Re: Don't synchronously wait for already-in-progress IO in read stream - Mailing list pgsql-hackers

From Melanie Plageman
Subject Re: Don't synchronously wait for already-in-progress IO in read stream
Date
Msg-id CAAKRu_ZM1epxTdt2=4-g4ff6UC09zne+0xg_gNv3d7LEcxEvNA@mail.gmail.com
Whole thread
In response to Re: Don't synchronously wait for already-in-progress IO in read stream  (Nazir Bilal Yavuz <byavuz81@gmail.com>)
Responses Re: Don't synchronously wait for already-in-progress IO in read stream
Re: Don't synchronously wait for already-in-progress IO in read stream
List pgsql-hackers
Thanks for the review!

On Thu, Feb 5, 2026 at 11:56 AM Nazir Bilal Yavuz <byavuz81@gmail.com> wrote:
>
> On Sat, 24 Jan 2026 at 00:04, Melanie Plageman
> <melanieplageman@gmail.com> wrote:
>
> > - In the 004_read_stream tests, I wonder if there is a way to test
> > that we don't wait for foreign IO until WaitReadBuffers().
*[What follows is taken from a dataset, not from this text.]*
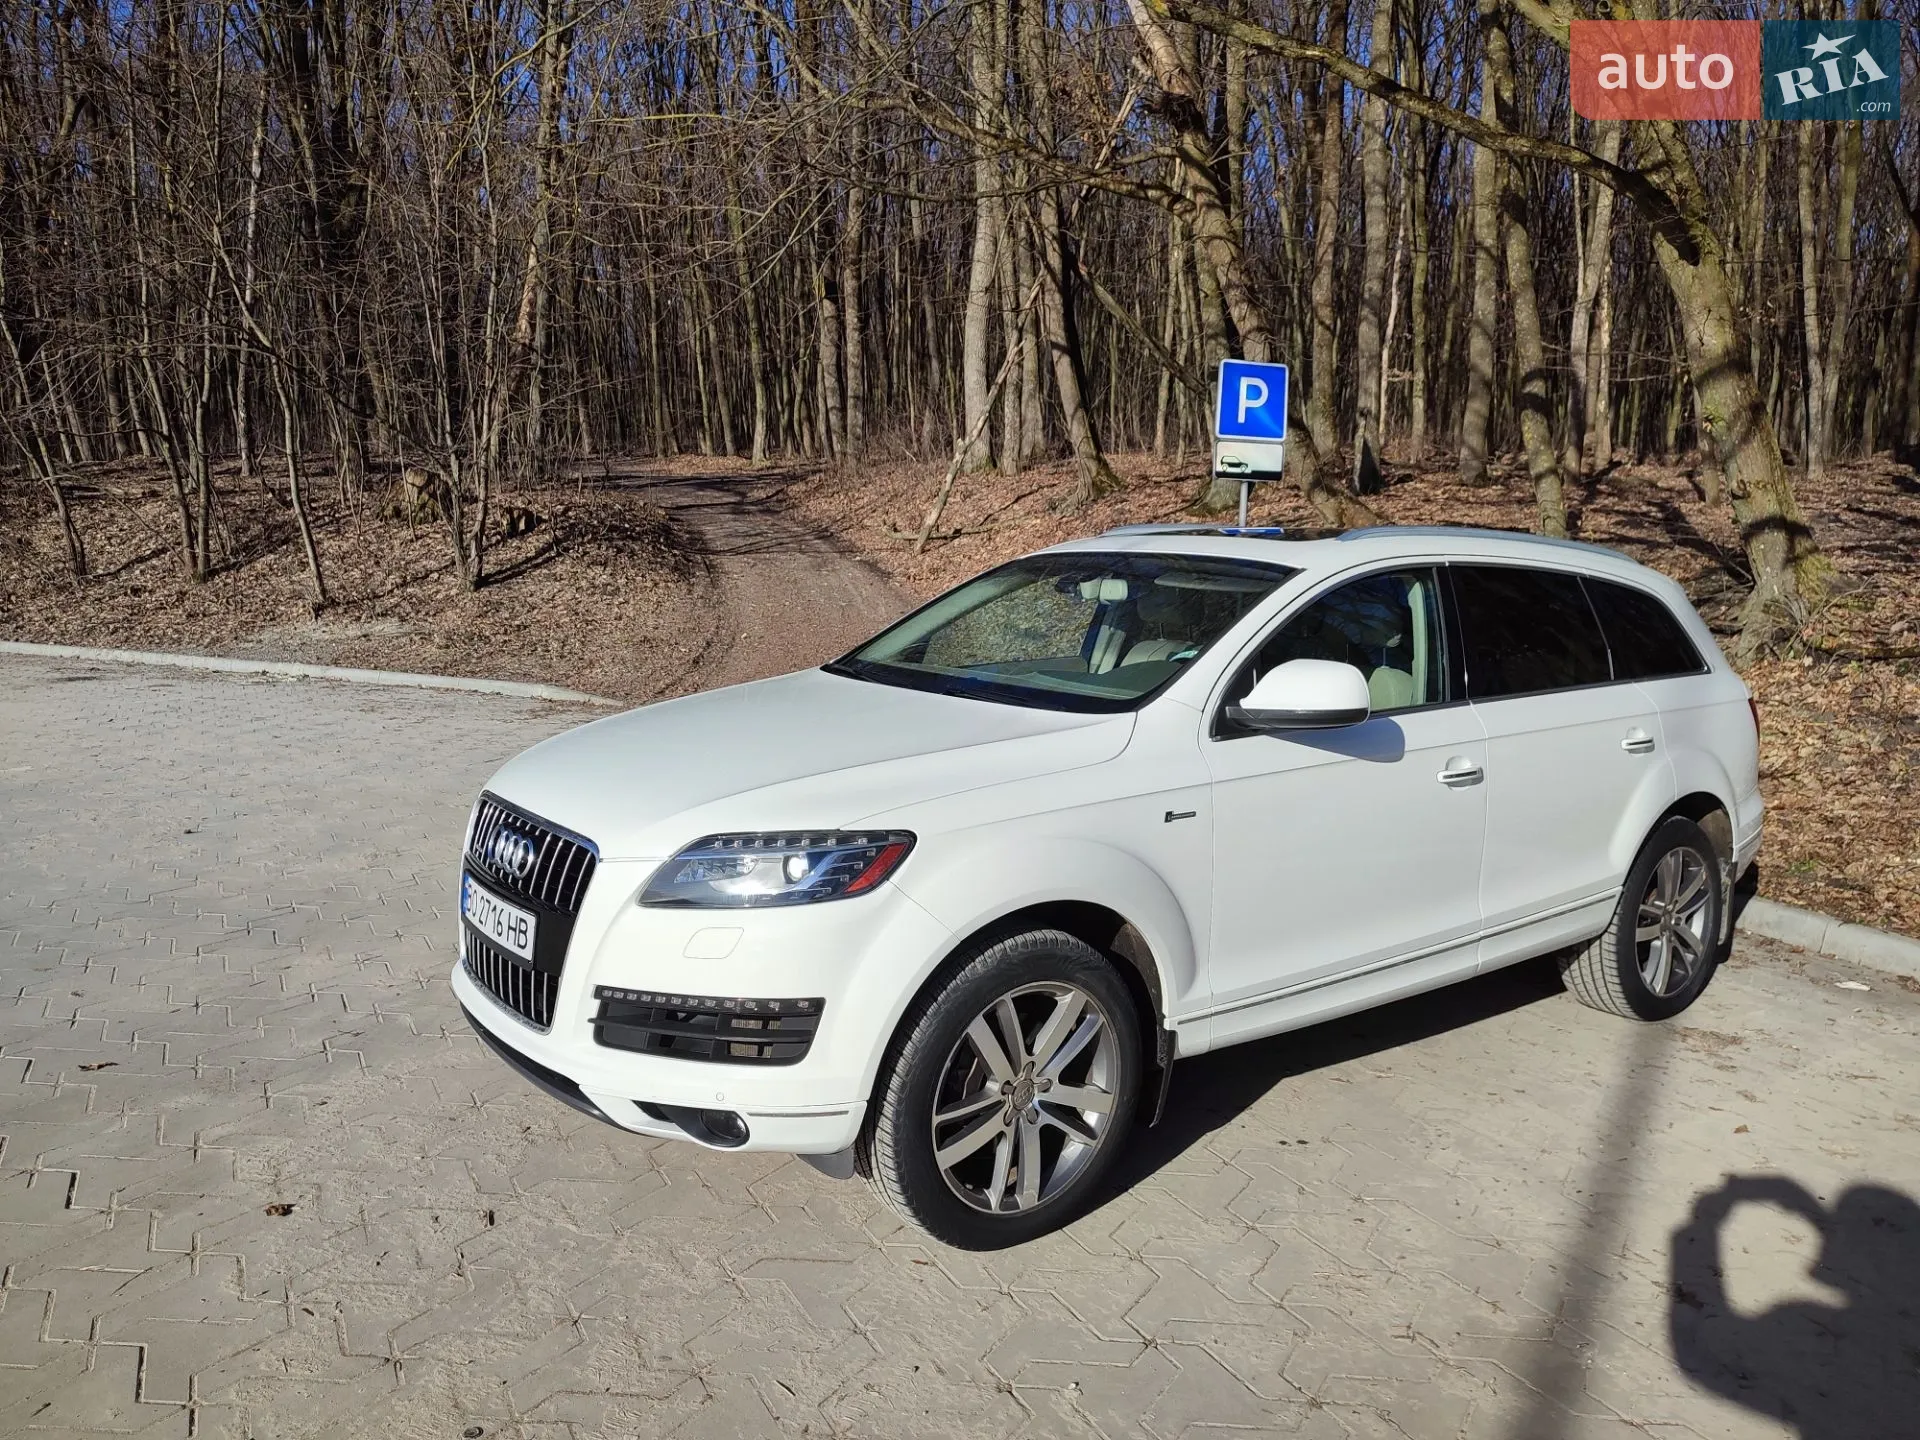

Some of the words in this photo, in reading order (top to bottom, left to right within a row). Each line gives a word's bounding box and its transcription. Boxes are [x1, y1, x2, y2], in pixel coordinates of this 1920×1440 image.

[1237, 376, 1269, 424] P
[478, 895, 505, 938] 2716
[506, 911, 529, 950] HB
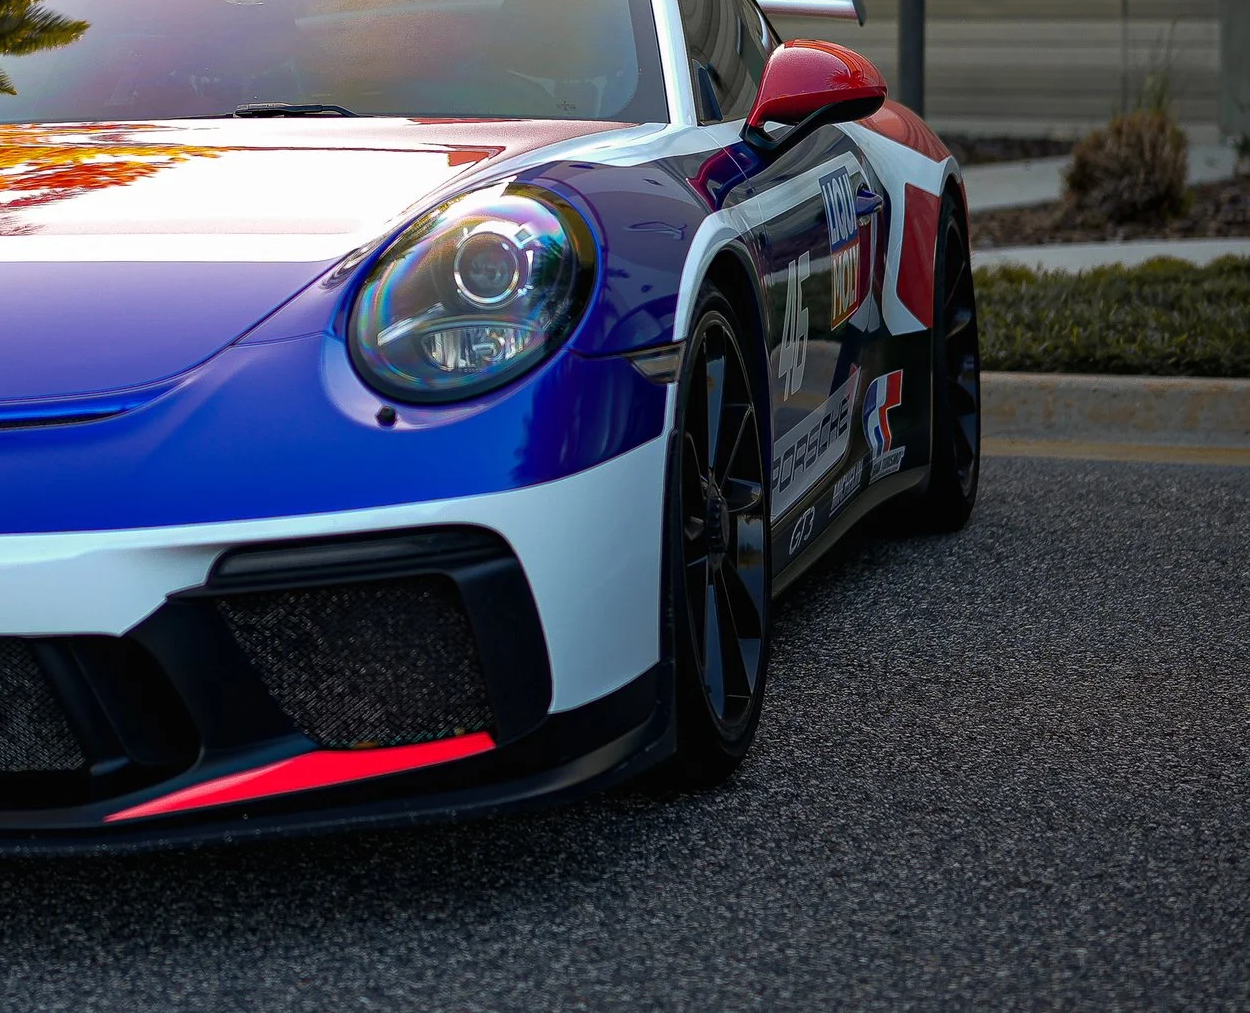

We have
> > tests for the stream accessing the same block, which in some cases
> > will exercise the foreign IO path. But it doesn't distinguish between
> > the old behavior -- waiting for the IO to complete when starting read
> > IO on it -- and the new behavior -- not waiting until
> > WaitReadBuffers(). That may not be possible to test, though.
>
> Won't 'stream accessing the same block test' almost always test the
> new behavior (not waiting until WaitReadBuffers())? Having dedicated
> tests for both cases would be helpful, though.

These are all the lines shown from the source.